3. Assurer la protection des défenseur⸱ses des droits humains — y compris les membres de la société civile, les observateurs, les journalistes, les étudiants, les avocats, les associations du barreau, les leaders syndicaux — en garantissant qu’ils puissent mener à bien leur travail légitime de manière indépendante et en toute sécurité, sans crainte de violence, de menaces, de harcèlement ou de détention arbitraire. Il est essentiel de garantir leur sécurité et leur indépendance pour que la justice et l’obligation de rendre des comptes soient respectées.

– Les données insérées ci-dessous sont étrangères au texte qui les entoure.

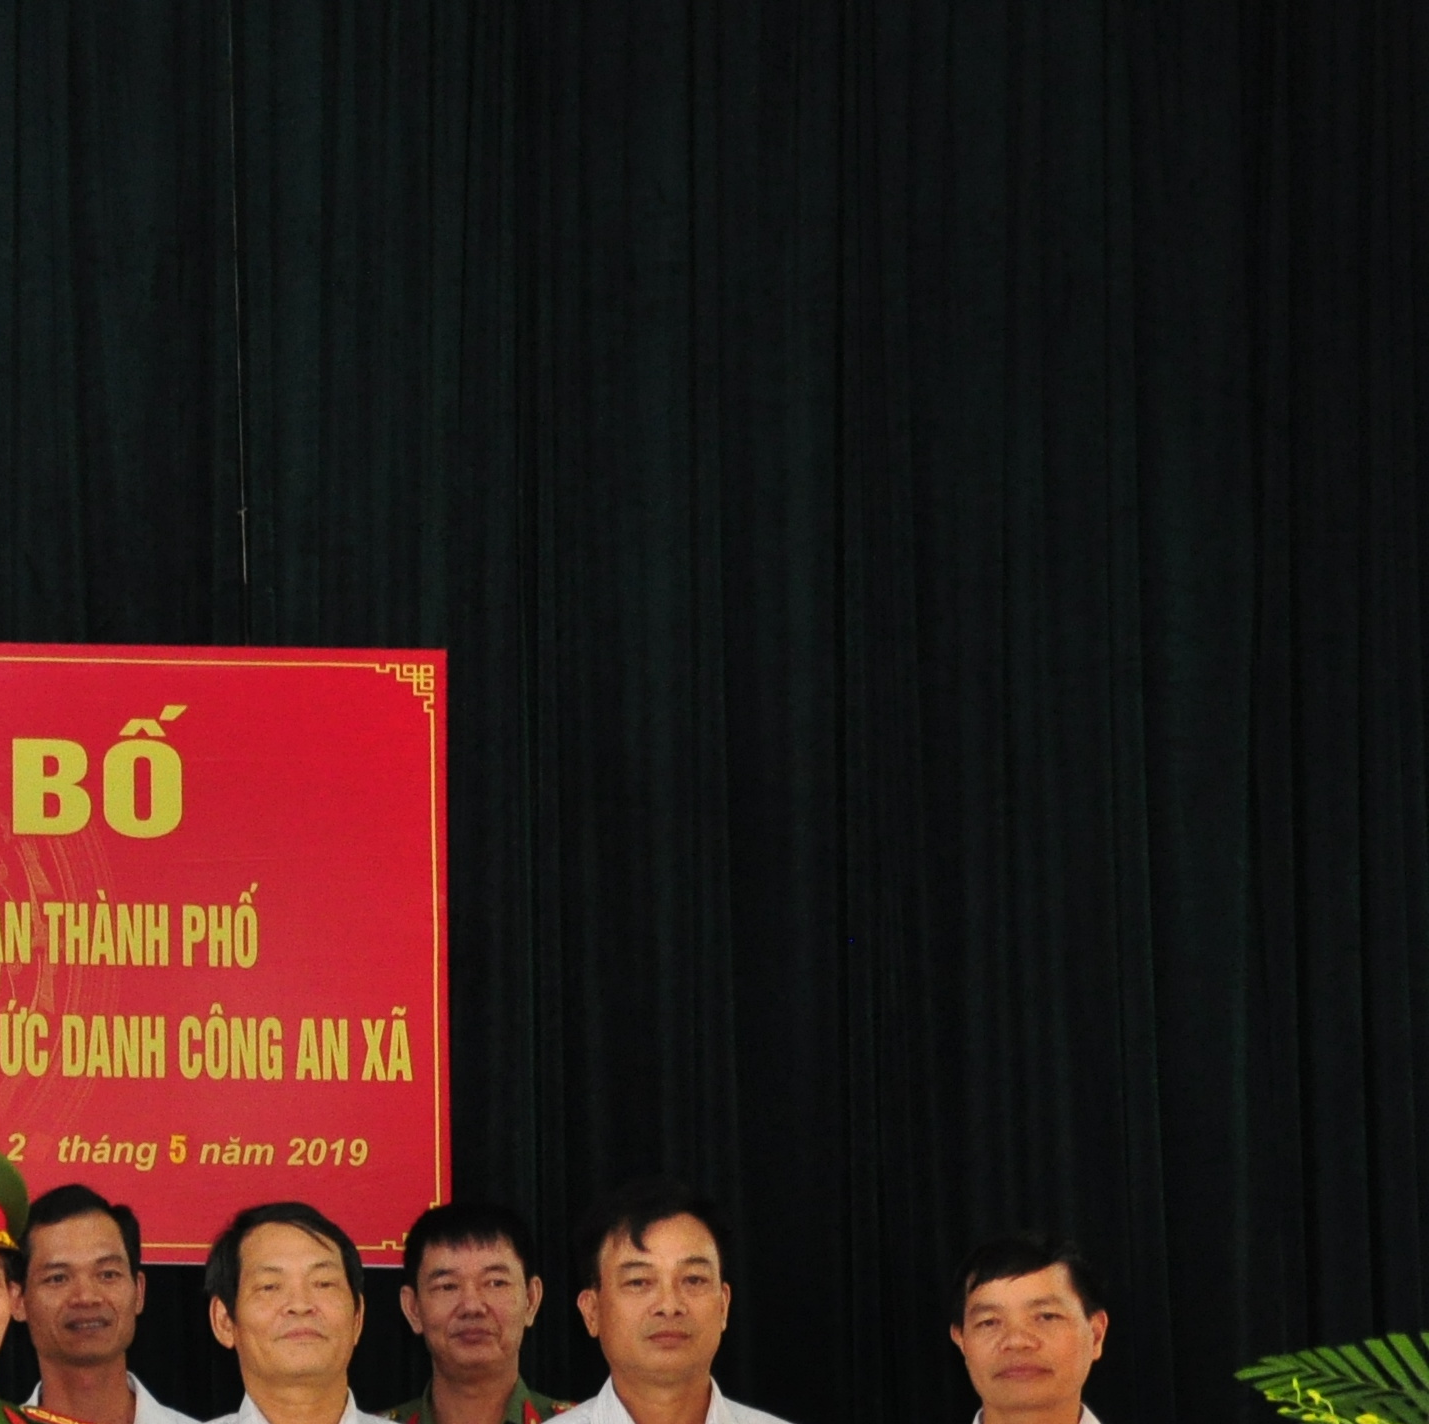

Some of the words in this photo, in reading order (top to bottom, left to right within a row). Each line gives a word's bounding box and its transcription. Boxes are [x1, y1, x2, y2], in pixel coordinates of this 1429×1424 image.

4. Le recours généralisé et excessif à la force contre les manifestants, le traitement de centaines de détenus et le ciblage des défenseur⸱ses des droits humains témoignent du mépris de la Turquie pour le droit international relatif aux droits humains, notamment la Convention des Nations unies contre la torture et autres peines ou traitements cruels, inhumains ou dégradants. Nous demandons instamment à la communauté internationale de suivre de près cette escalade des abus et de prendre des mesures décisives pour que les autorités turques soient tenues responsables de leurs violations.
Signataires :
- ARTICLE 19
- Asociación Unidad de Defensa Jurídica, Registro y Memoria para Nicaragua (AUDJUDRNIC)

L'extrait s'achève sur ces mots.